El misticismo escapa del ámbito filosófico para penetrar profundamente en las grandes religiones monoteístas y proféticas (hebraísmo, cristianismo e islamismo) donde lo Absoluto se convierte en Dios y la vía mística es la trazada dentro de las religiones.

Dejando de lado las diferencias que subsisten entre las diferentes expresiones del misticismo, éste representa en el monoteísmo judaico-cristiano-islámico algunas características comunes. La primera es la pasividad del hombre respecto a la divinidad y a la particular relación que el hombre mantiene con esta. En efecto, en las tres religiones se dan ejercicios preparatorios para el ascesis que consisten en el silencio, en la oración, en  el recogimiento y en la concentración. A tal propedéutica le sigue el itinerario que el hombre debe seguir para alcanzar la plenitud de la unión con la divinidad.

Tal recorrido se describe como purificación, liberación, aniquilamiento, progresiva expoliación y muerte; la relación con la divinidad, expresado en términos de unión, fusión, divinización, y  salida de sí mismo que Plotino definía como éxtasis y que representa la separación del alma y la inmersión en la divinidad.

El éxtasis va seguido de la ralentización de la actividad corporal (anestesia, trance) y, a veces, de fenómenos como la levitación, los estigmas y similares.
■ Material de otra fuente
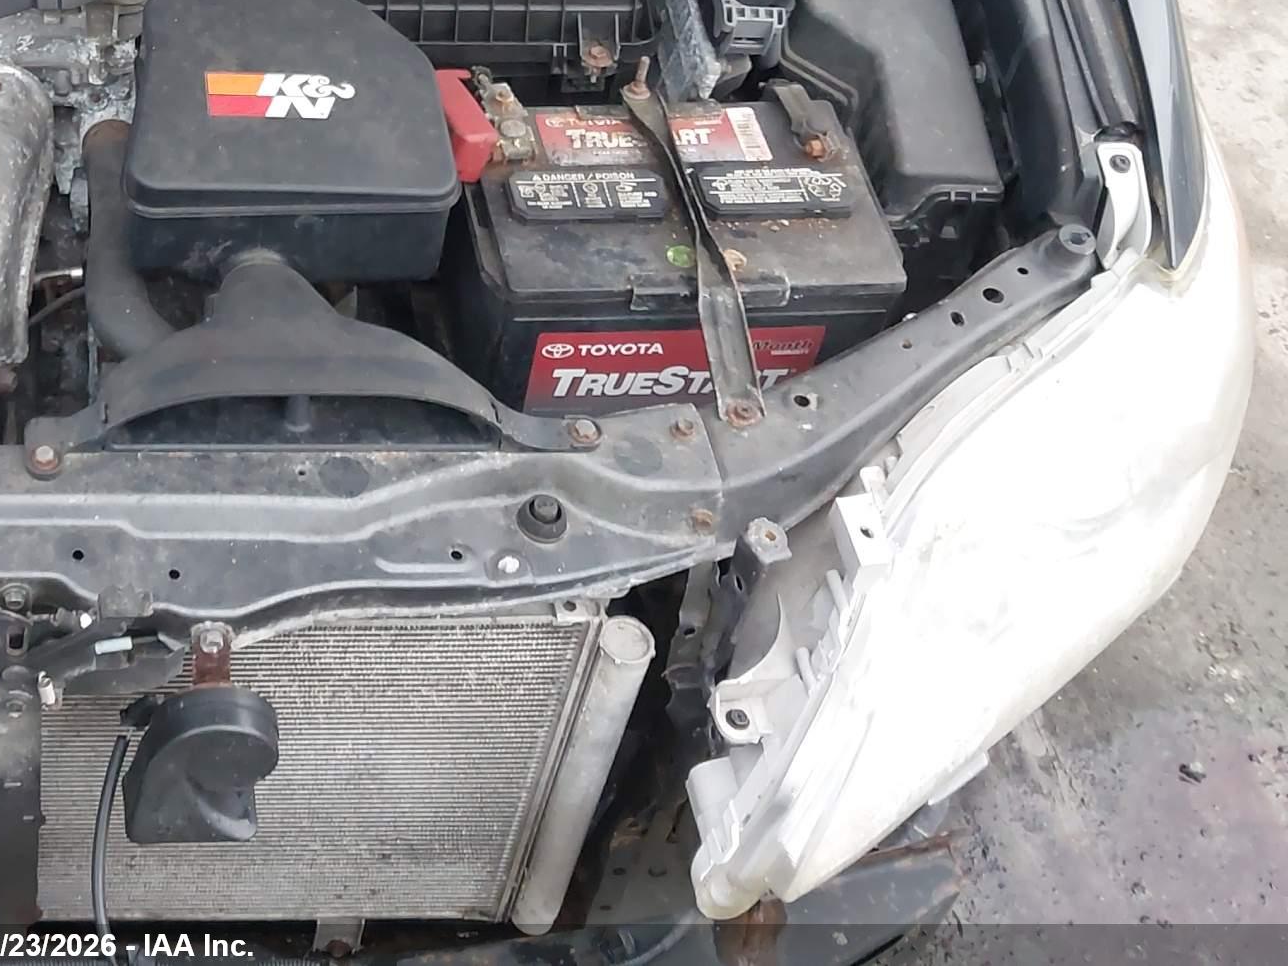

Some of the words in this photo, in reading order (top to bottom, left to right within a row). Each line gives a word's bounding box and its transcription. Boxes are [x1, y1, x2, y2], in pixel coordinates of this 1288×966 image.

[256, 73, 356, 119] K&N
[543, 173, 585, 181] DANGER
[578, 343, 663, 356] TOYOTA
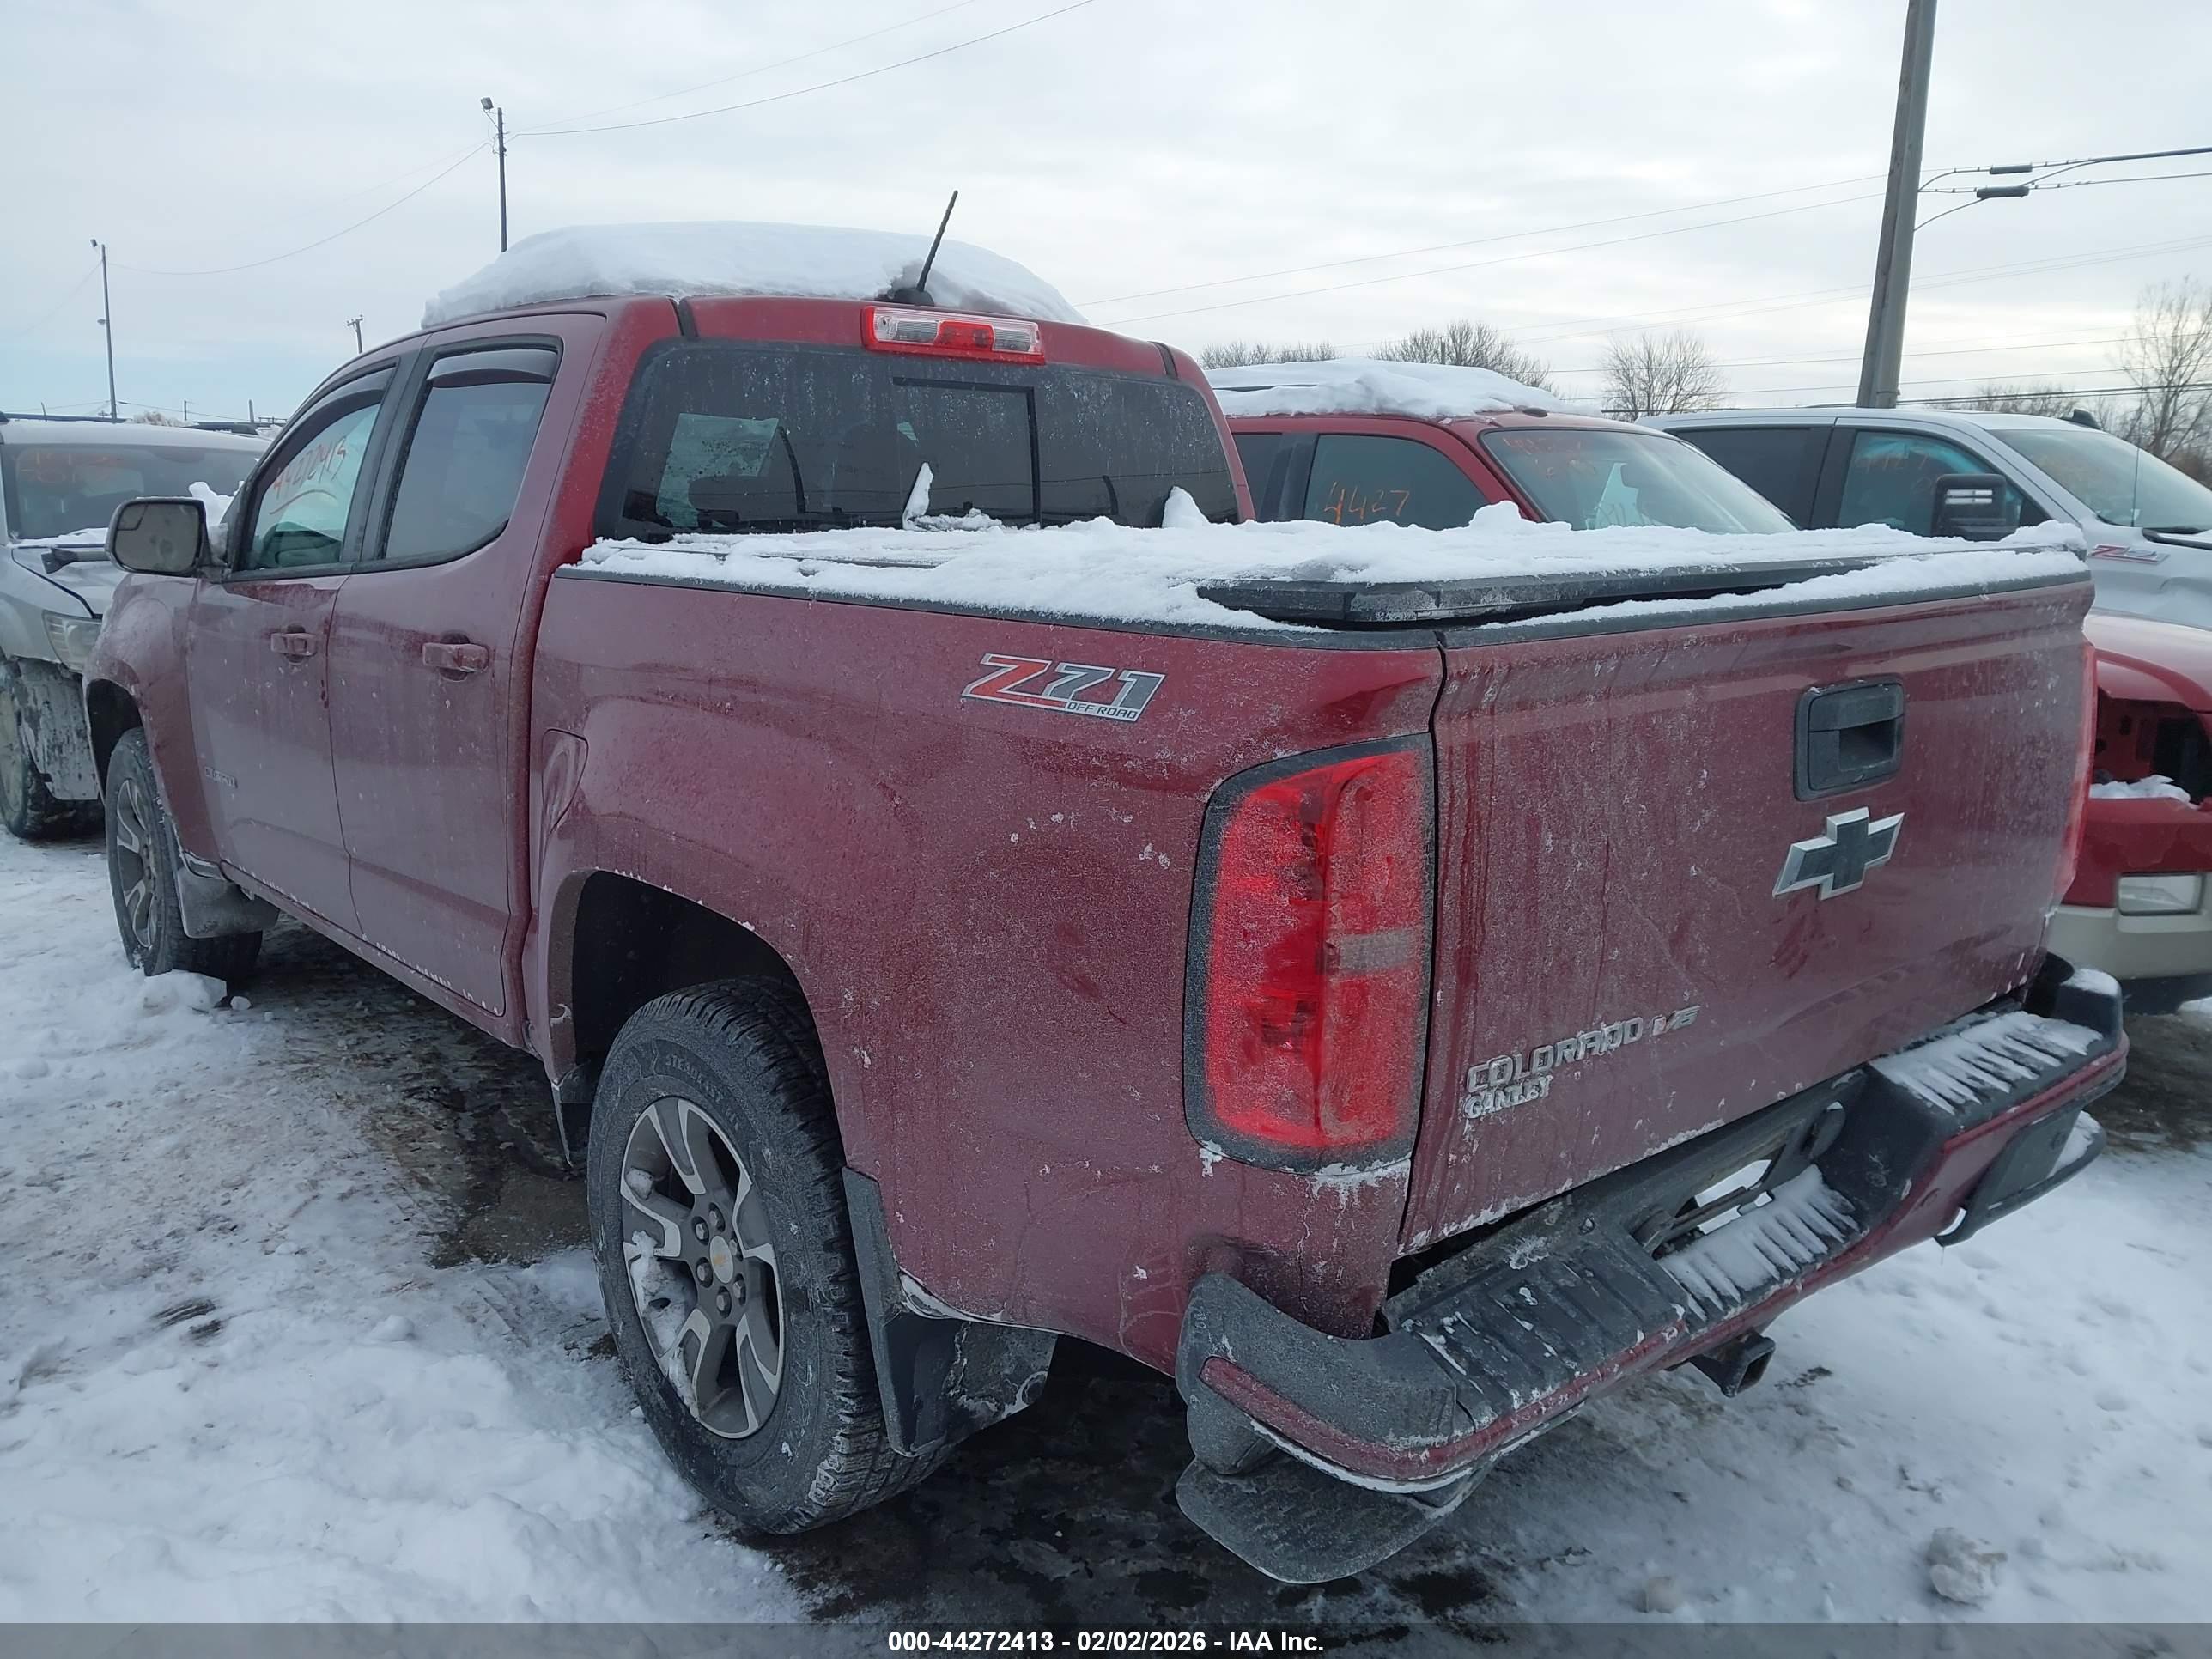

La experiencia mística es por naturaleza inefable e incomunicable, con lo que nos encontramos con esta paradoja : el misticismo es negación de la historia dentro de la historia misma. Mientras por una parte intenta trascender la historia, por otra la historia saca su lenguaje para definirse incluso respecto a la religión de la que es parte integrante. Por lo tanto, junto a la pretensión de inefabilidad e incomunicabilidad, el místico a menudo elabora y manifiesta complejas interpretaciones de su experiencia, dando vida a la llamada teología mística.

Esta contradicción se vuelve aún más fuerte si examinamos el misticismo dentro de las grandes religiones monoteístas, donde se encuentra un límite difícilmente superable en algunos principios esenciales, como la fe en el único Dios creador, la revelación de las Sagradas Escrituras, la escatología. Esta última precisamente se entiende como perspectiva final de la historia, que manifiesta más que las otras un límite infranqueable: el intento de apartarse de la historia, anticipando sus conclusiones, se considera un acto de presunción ya que sólo a Dios ( y no al misticismo) le pertenece la tarea de poner un término al recorrido histórico de la humanidad. Solo Dios decide cuándo permitir al hombre y volver a unirse a él al final de los tiempos, por lo que el místico, que anticipa la unión con Dios, rompe su voluntad. Aquí vuelve a aparecer la paradoja del misticismo: si pensamos en Pablo, que se ve en la tesitura de si liberarse del cuerpo para estar con Cristo o permanecer en la carne para realizar un servicio apostólico.

La experiencia mística es un fenómeno bastante complejo que en el plano histórico encuentra numerosas y múltiples manifestaciones. No nos incube seguir su desarrollo sino más bien evidenciar sus características comunes en el plano teórico.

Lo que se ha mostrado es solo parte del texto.